Le attività e le terapie assistite dagli animali sono, invece, nate in America nel 1953, grazie allo psichiatra infantile Boris M. Levinson, che, in base alla sua esperienza, le definì come “insieme di pratiche ben specifiche basate sull’incontro con un animale che non è di proprietà del fruitore, ma si colloca in un rapporto a tre dove il conduttore dell’animale ha come obiettivo la realizzazione di un rapporto che attivi le capacità assistenziali dell’animale in modo tale che il paziente ne usufruisca in base alla sua patologia”. Queste attività si sono sviluppate integrando le esperienze concrete con la Zooantropologia, scienza che studia le interazioni tra uomo e animali. A partire dagli anni Sessanta si è iniziato ad identificare l’utilizzo di animali da compagnia con il termine “Pet-Therapy” sostituito sempre più dalle più appropriate locuzioni “Animal Assisted Therapy” (A.A.T.) e “Animal Assisted Activities” (A.A.A.).
Nell’ambito delle attività e terapie assistite dagli animali, da oltre trenta anni nel nostro paese si pratica l’ippoterapia, che, contaminandosi virtuosamente con l’equitazione, ha contribuito alla diffusione dell’equitazione sociale. Inoltre, coi progressi conseguiti negli ultimi quindici anni dalla nuova etologia, oggi noi sappiamo molte cose in più degli equini oltre il sapere tradizionale e possiamo perfino porci dal punto di vista del cavallo nel nostro rapporto con questo animale.
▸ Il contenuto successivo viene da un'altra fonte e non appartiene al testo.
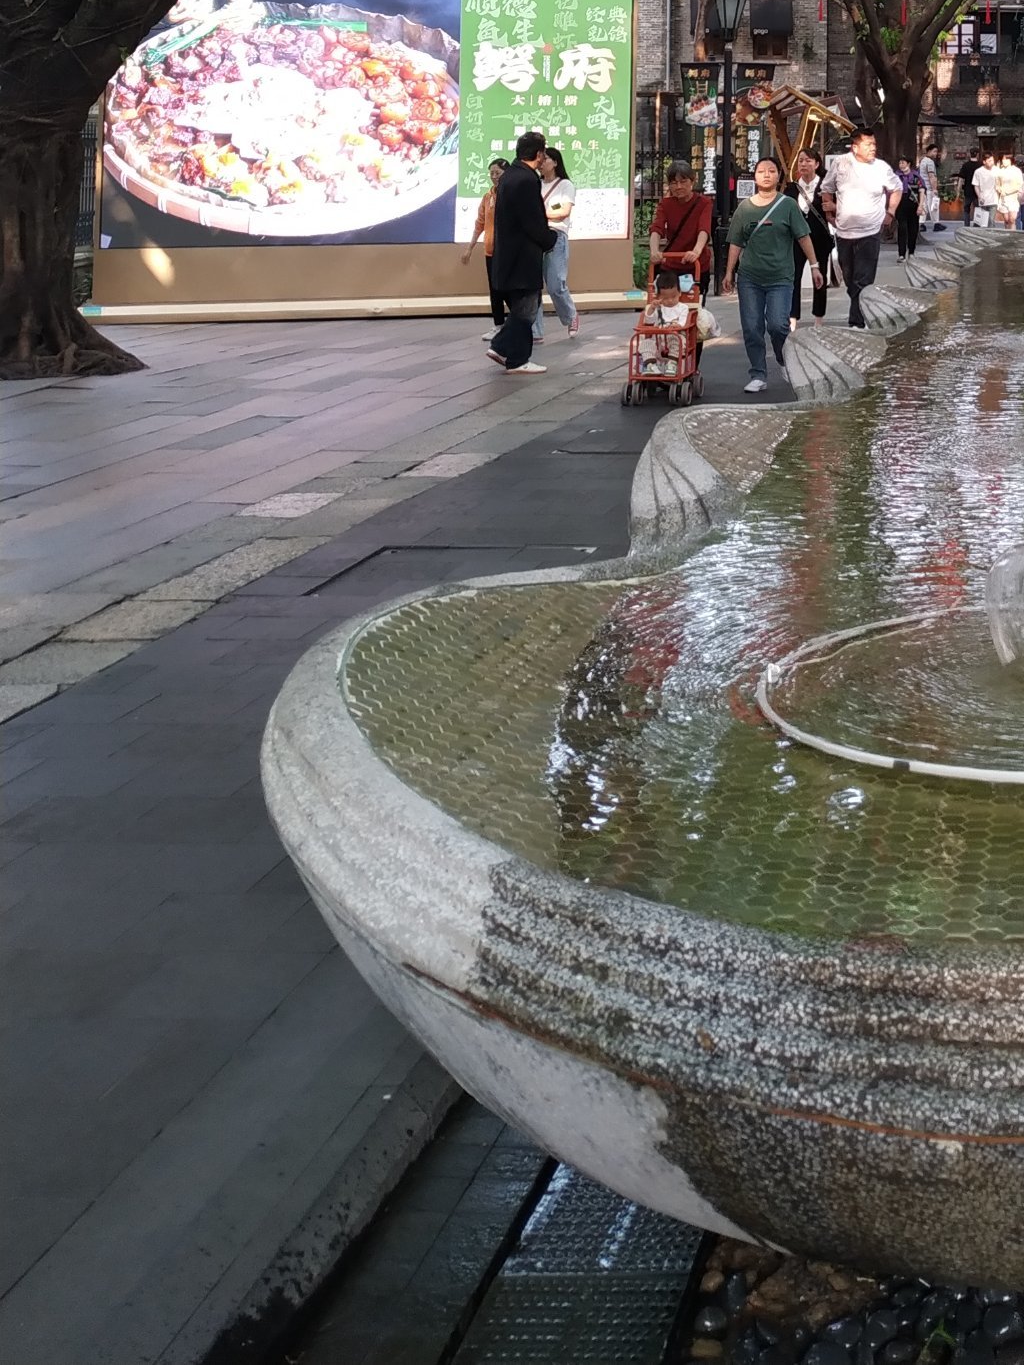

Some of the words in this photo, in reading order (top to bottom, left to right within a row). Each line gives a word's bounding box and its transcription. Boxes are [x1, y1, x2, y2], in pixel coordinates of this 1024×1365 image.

[585, 5, 628, 24] 经典
[472, 18, 546, 48] 鱼生
[587, 24, 628, 43] 乳鸽
[465, 93, 485, 142] 白切鸡
[573, 147, 623, 170] 火焰
Negli ultimi tempi si va, infine, diffondendo l’onoterapia, che si basa sulle relazioni particolarmente intense ed empatiche che l’asino riesce a stabilire con le persone.
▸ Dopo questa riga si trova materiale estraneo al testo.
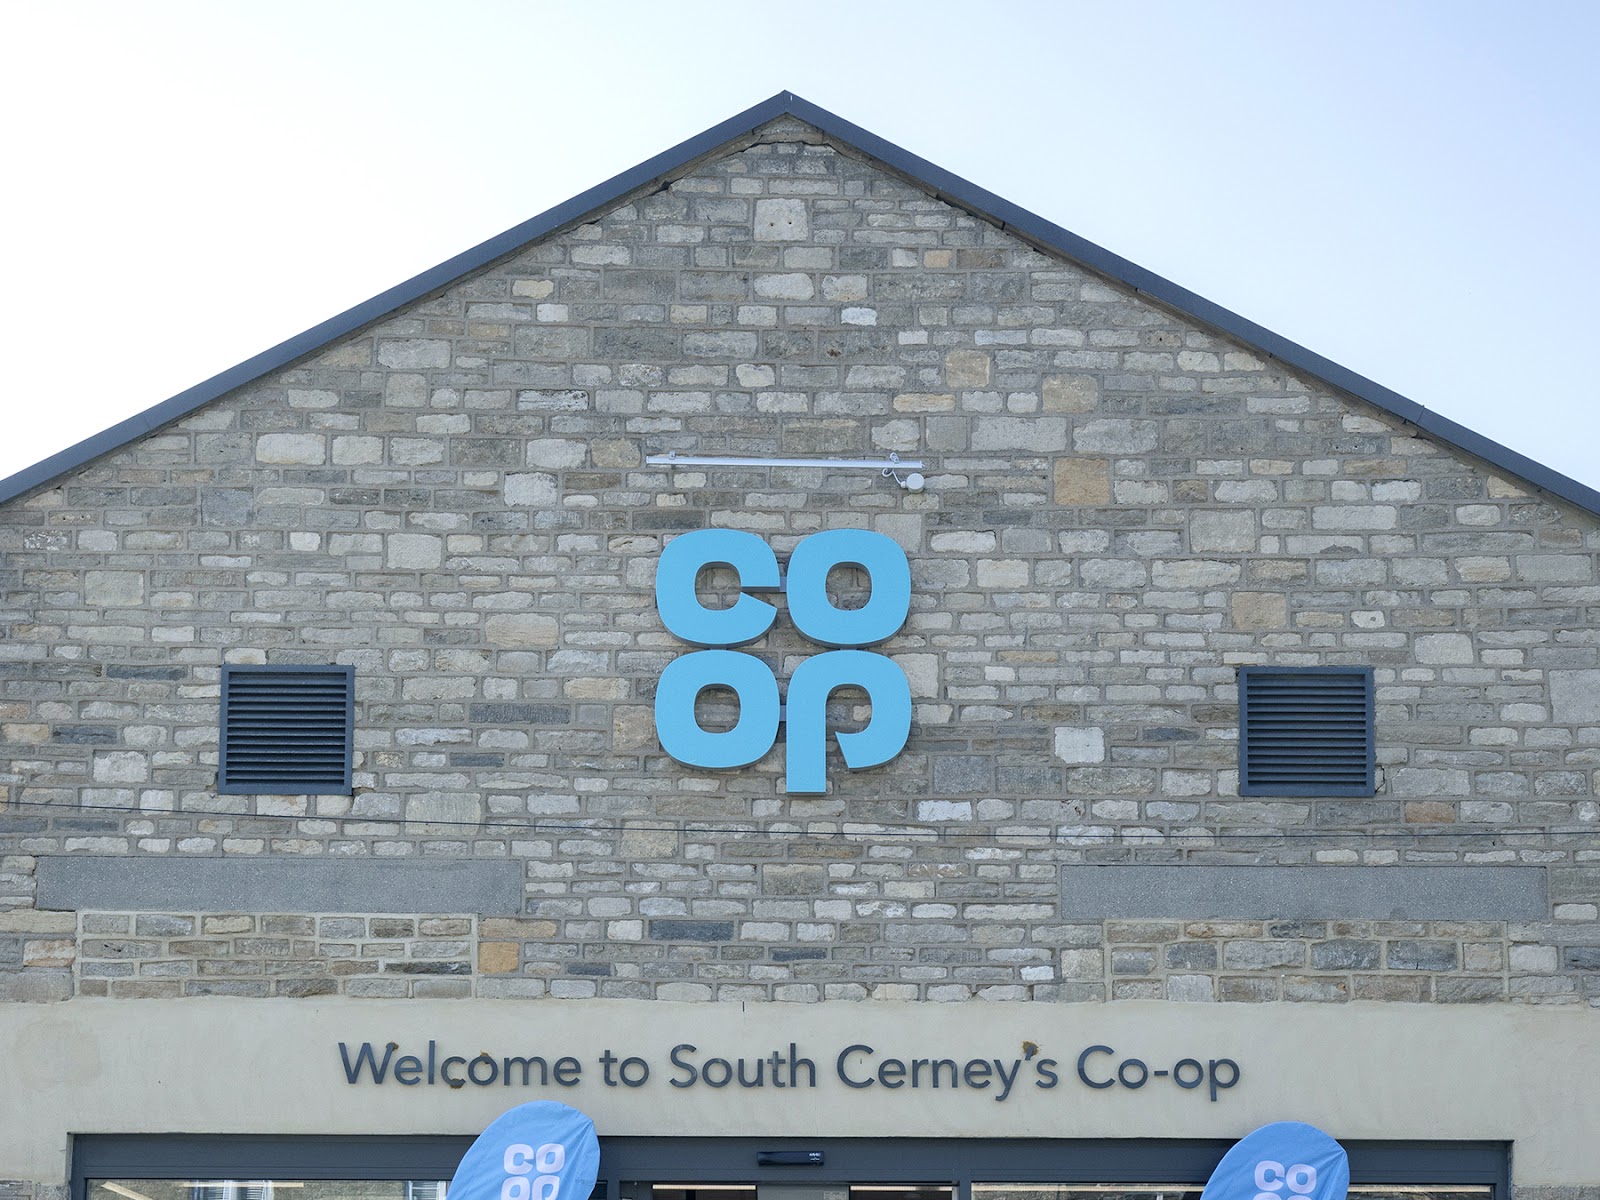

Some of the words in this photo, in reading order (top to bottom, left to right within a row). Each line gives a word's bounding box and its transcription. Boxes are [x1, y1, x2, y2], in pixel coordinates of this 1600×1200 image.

[338, 1040, 582, 1087] Welcome
[599, 1049, 650, 1087] to
[669, 1042, 817, 1088] South
[836, 1044, 1059, 1101] Cerney's
[1077, 1045, 1241, 1102] Co-op
Sempre più cresce l’evidenza empirica che il contatto con il ciclo della natura e della vita insito nell’attività agricola aiuta a conseguire maggiori livelli di autonomia e di senso di sé rispetto ad altre attività, da quelle industriali a quelle che si svolgono negli uffici, che sono più ripetitive, frustranti e spersonalizzanti, spesso fonti esse stesse di disagio. E tutto questo avviene anche perché noi esseri umani siamo portati, per via di un sentimento innato che il biologo Edward O. Wilson definisce "biofilia", a desiderare di vivere in prossimità di una distesa d'erba verde o di uno specchio d'acqua. Persino il volto più oscuro della natura - che si rivela con inondazioni, terremoti, uragani e altri cataclismi – è in un certo senso necessario alla completezza dell'esperienza umana: esso è, infatti, il simbolo di quella dimensione selvaggia, di quella regione del mistero che da sempre è fonte di ogni poesia.
Per una larga parte del mondo scientifico, le risorse specifiche dell’agricoltura e del mondo rurale sono, in definitiva, sempre più considerate leve utili per potenziare e qualificare i percorsi di inclusione non soltanto dei disabili mentali, ma anche di una sempre più larga varietà di soggetti deboli.